Andre de Toth worked on the film as a producer and said Russell ultimately "did a fine job on the film."

==Soundtrack==
The score is by Richard Rodney Bennett. To create a relentless, harsh mood, he left out sweet-sounding instruments like violins and flutes and relied mainly on brass and percussion including three pianos, which are featured prominently in the main theme, and later, together with the percussion, create sonorities similar to Stravinsky's Les Noces. The score is basically monothematic, constantly varying the main theme. For more romantic moods, it features the ondes Martenot, an early electronic instrument, played by its most prominent soloist, Jeanne Loriod. Thus, even the tender moments have an eerie undertone.

Later on, Harry Palmer attends the end of a symphony concert, which is supposed to feature Dmitri Shostakovich's "Leningrad" Symphony, written in 1941 during the siege of Leningrad. What we hear, however, is the end of Shostakovich's 11th Symphony "The Year 1905". Yet, music from the "Leningrad" symphony is featured later on during Midwinter's speech to his soldiers in Finland and during the final battle on the ice.

==Reception==

Author and critic Anne Billson calls this "by far" the best film of the series, noting that critics and audiences did not like it on first release.

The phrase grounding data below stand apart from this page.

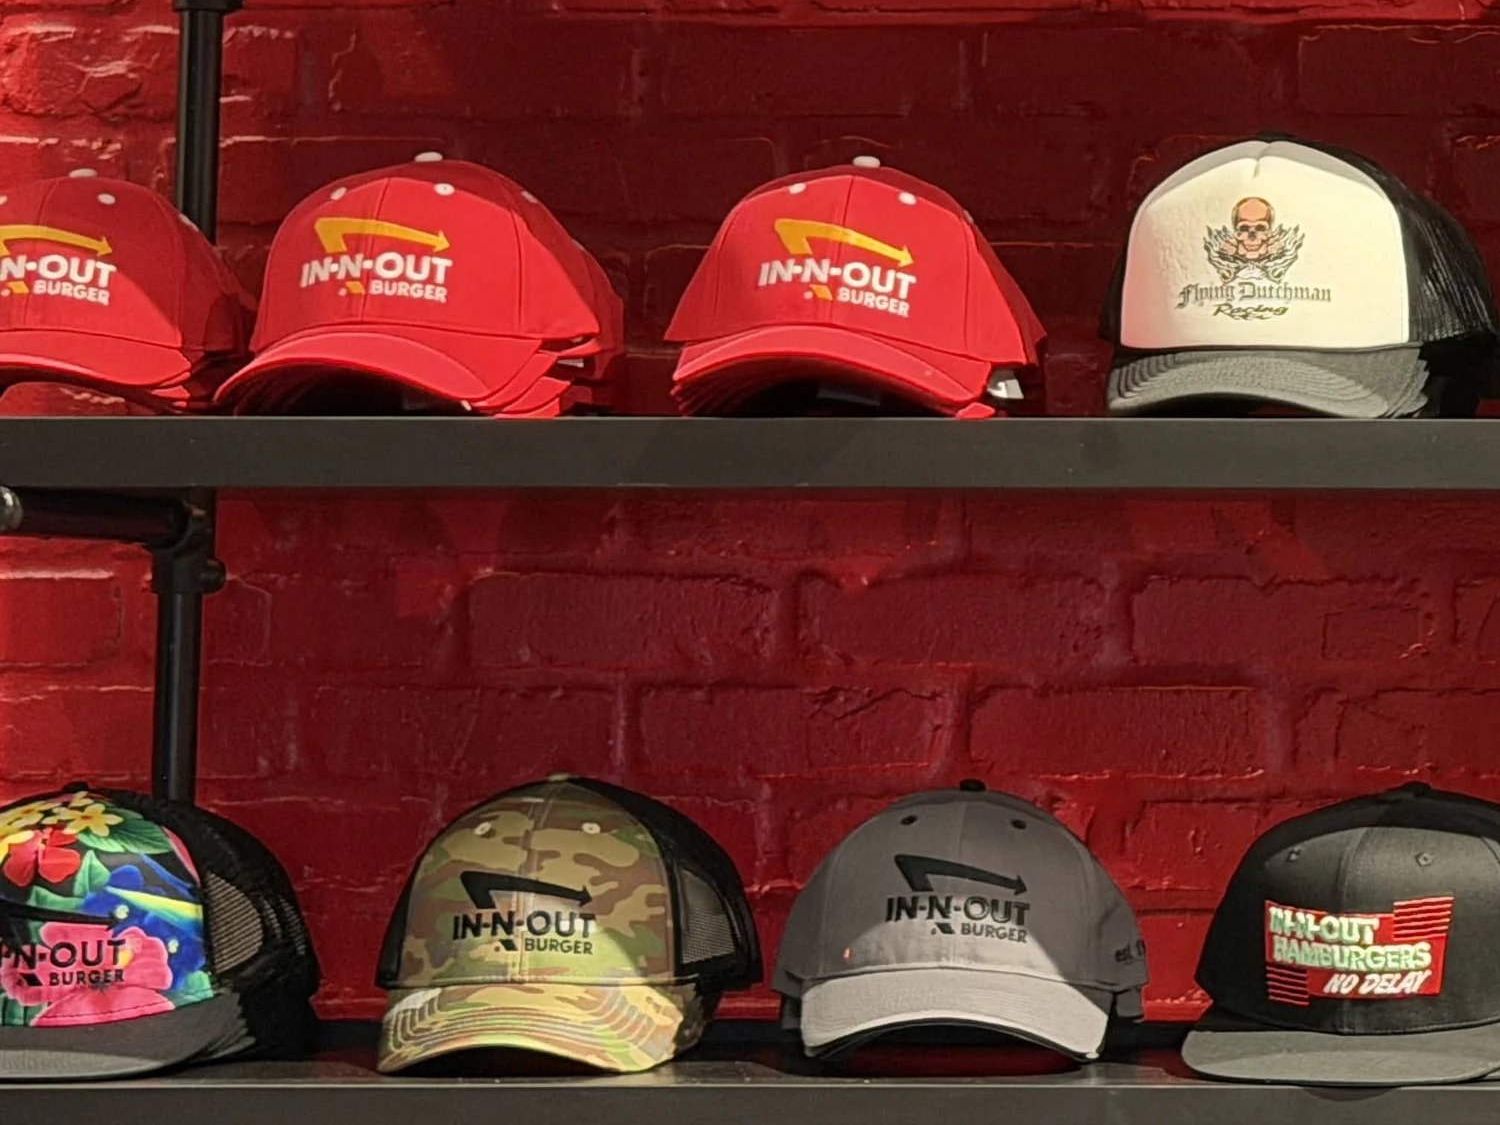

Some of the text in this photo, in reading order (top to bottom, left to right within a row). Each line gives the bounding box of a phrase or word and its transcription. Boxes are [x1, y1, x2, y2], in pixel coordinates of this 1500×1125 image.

[300, 251, 453, 289] IN-N-OUT
[757, 257, 917, 300] IN-N-OUT
[32, 279, 110, 306] BURGER
[369, 279, 448, 304] BURGER
[837, 286, 910, 317] BURGER
[1175, 280, 1332, 309] Flying Dutchman
[1212, 302, 1290, 318] Racing
[453, 909, 596, 940] IN-N-OUT
[885, 894, 1030, 926] IN-N-OUT
[960, 922, 1028, 943] BURGER
[1268, 906, 1380, 944] IN-N-OUT
[524, 937, 593, 955] BURGER
[1272, 935, 1433, 972] HAMBURGERS
[49, 968, 125, 987] BURGER
[1323, 970, 1433, 995] NO DELAY
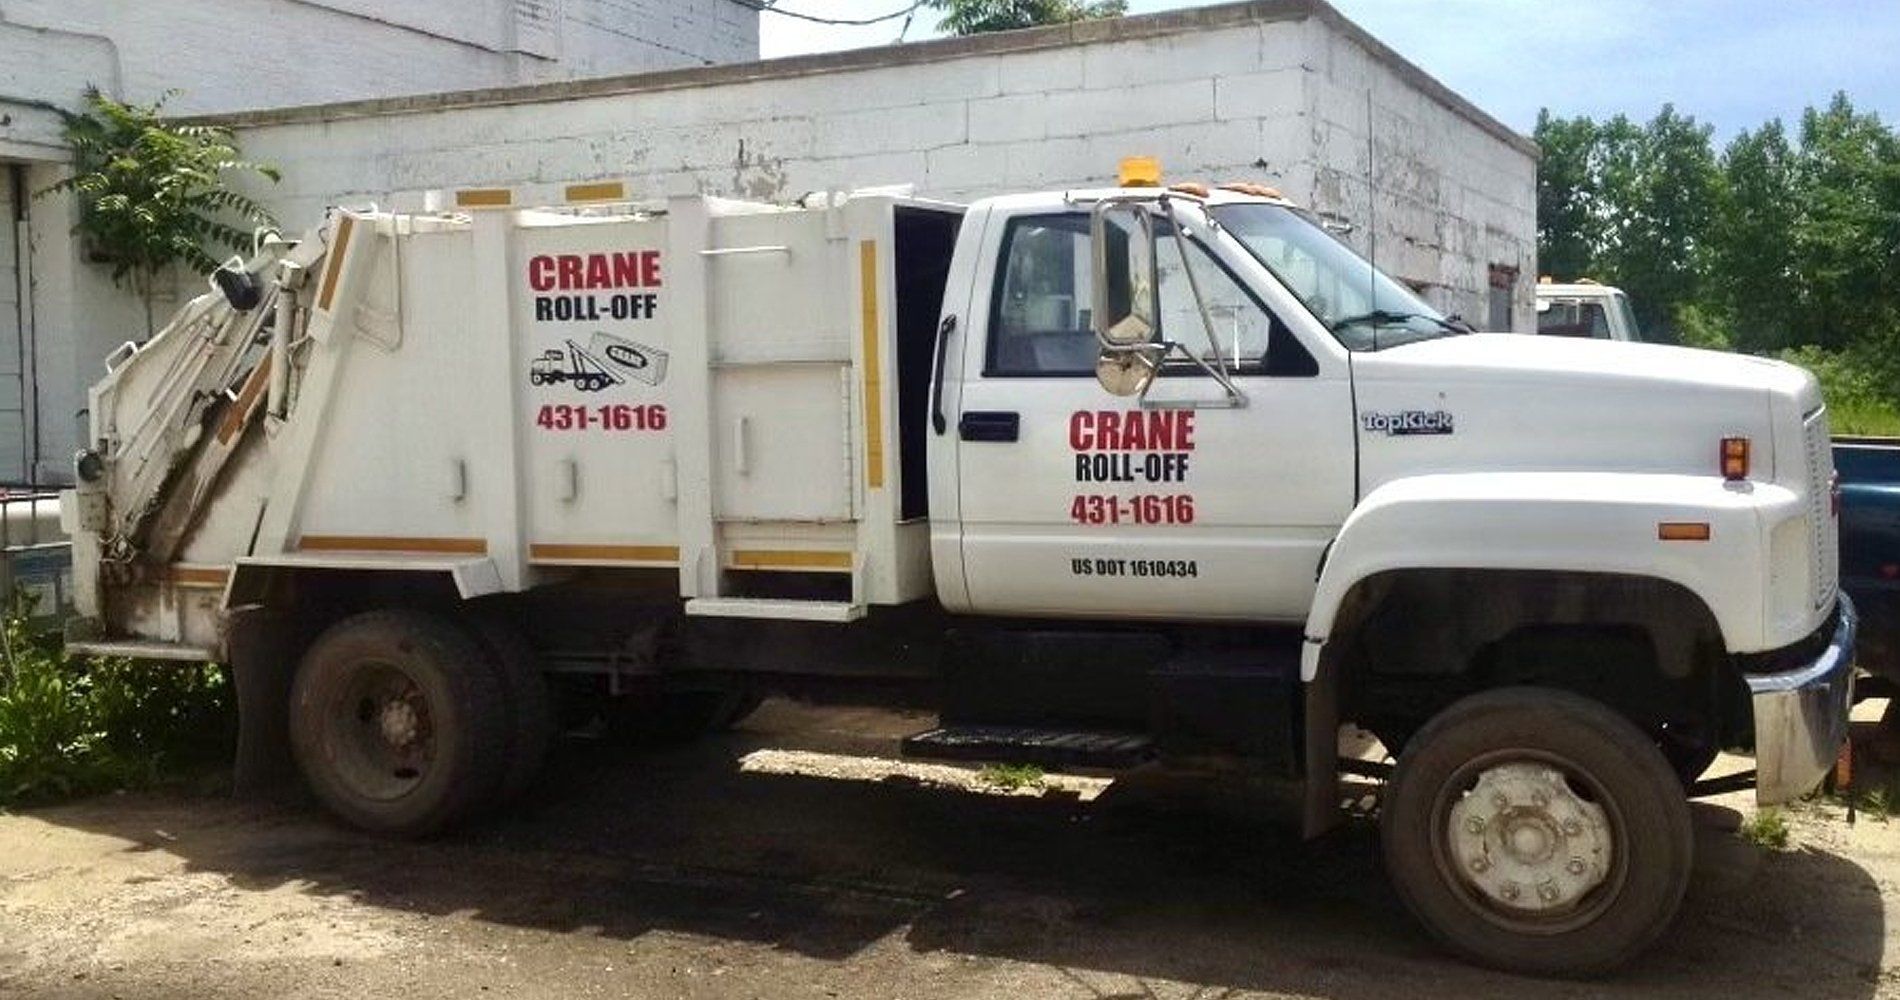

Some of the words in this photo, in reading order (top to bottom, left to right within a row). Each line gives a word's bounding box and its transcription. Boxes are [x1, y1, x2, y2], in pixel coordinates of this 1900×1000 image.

The Guardian called it "just terrible". "What rubbish it all is," said The Observer.

TV Guide says, "Overly plotted and almost without humour, The Billion Dollar Brain (which takes its name from the computer Midwinter uses to plan his invasion) is not nearly as entertaining as its predecessors in the Harry Palmer trilogy, The Ipcress File and Funeral in Berlin.

Michael Caine thought the visuals were "stunning" but felt "Ken Russell lost the story somewhere and no one could care a damn about what was going on because they couldn't follow what was going on."